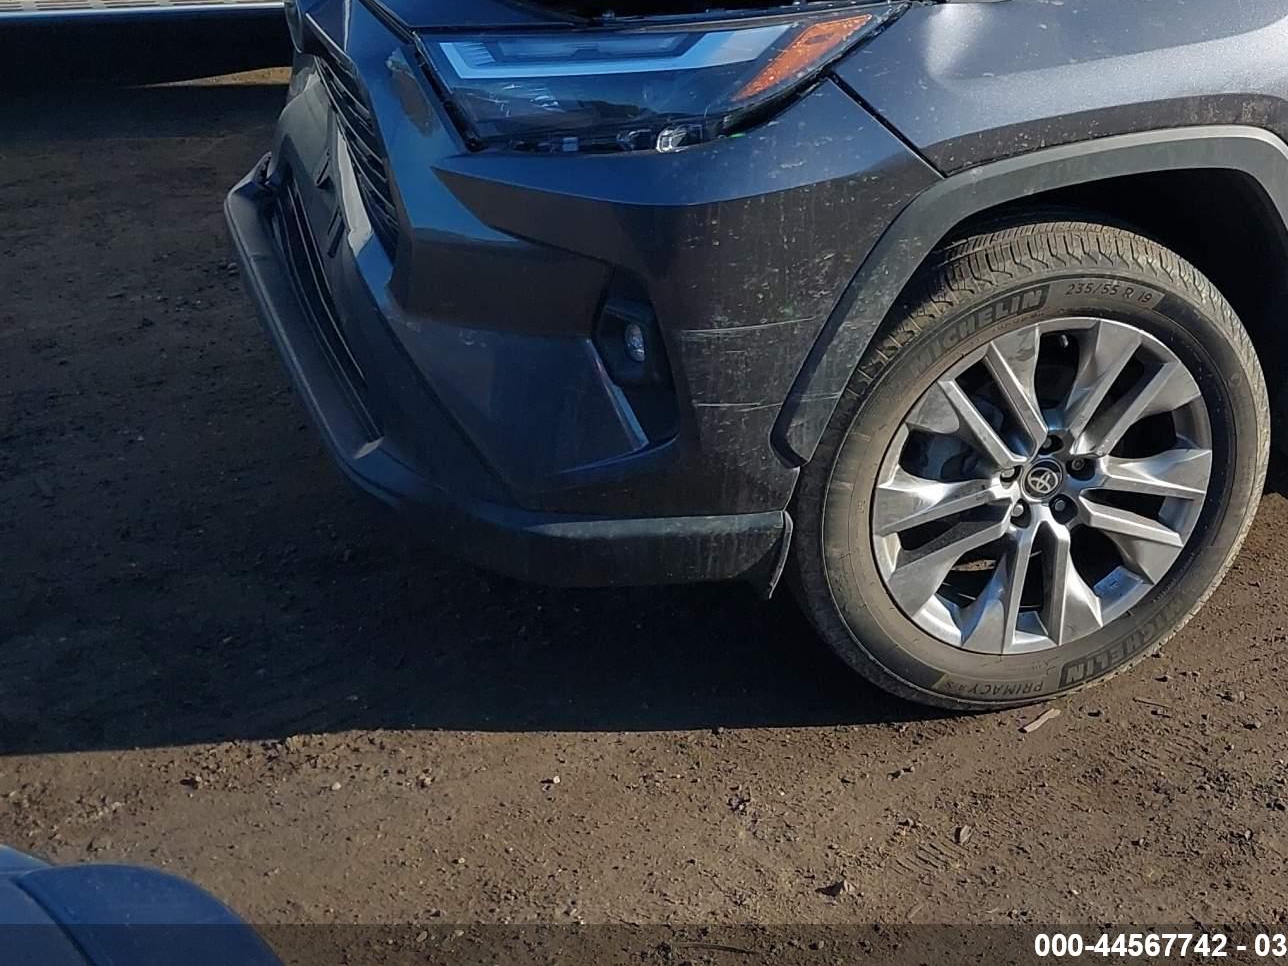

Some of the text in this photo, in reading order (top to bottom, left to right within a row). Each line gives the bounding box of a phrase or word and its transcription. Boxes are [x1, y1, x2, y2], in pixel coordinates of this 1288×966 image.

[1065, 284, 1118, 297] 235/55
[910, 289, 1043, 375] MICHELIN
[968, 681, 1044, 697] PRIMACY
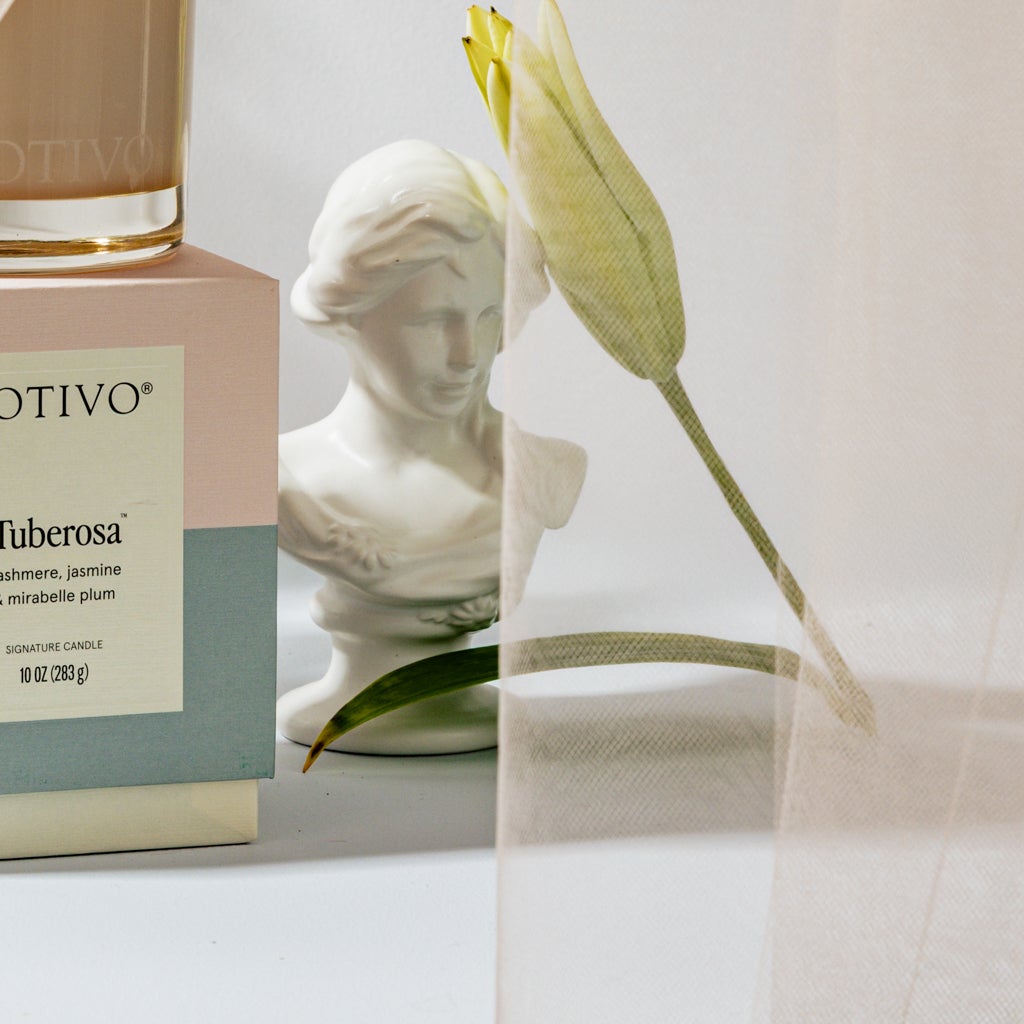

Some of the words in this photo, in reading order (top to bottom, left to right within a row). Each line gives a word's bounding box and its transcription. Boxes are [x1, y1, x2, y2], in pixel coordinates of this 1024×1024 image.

§ What to produce
Reproduce every line above exactly, pictures excluded.

§ Expected answer
Some of the text in this photo, in reading order (top to bottom, left to right within a row). Each line gives the bounding box of a phrase or word and its transcription. Boxes are [x1, y1, x2, y2], in pixel coordinates of this 1288×966 image.

[1065, 284, 1118, 297] 235/55
[910, 289, 1043, 375] MICHELIN
[968, 681, 1044, 697] PRIMACY

Some of the words in this photo, in reading order (top to bottom, left to right within a row). Each line gives a word's bounding box and its transcription. Boxes are [x1, y1, x2, y2], in pixel coordinates of this 1024×1024 image.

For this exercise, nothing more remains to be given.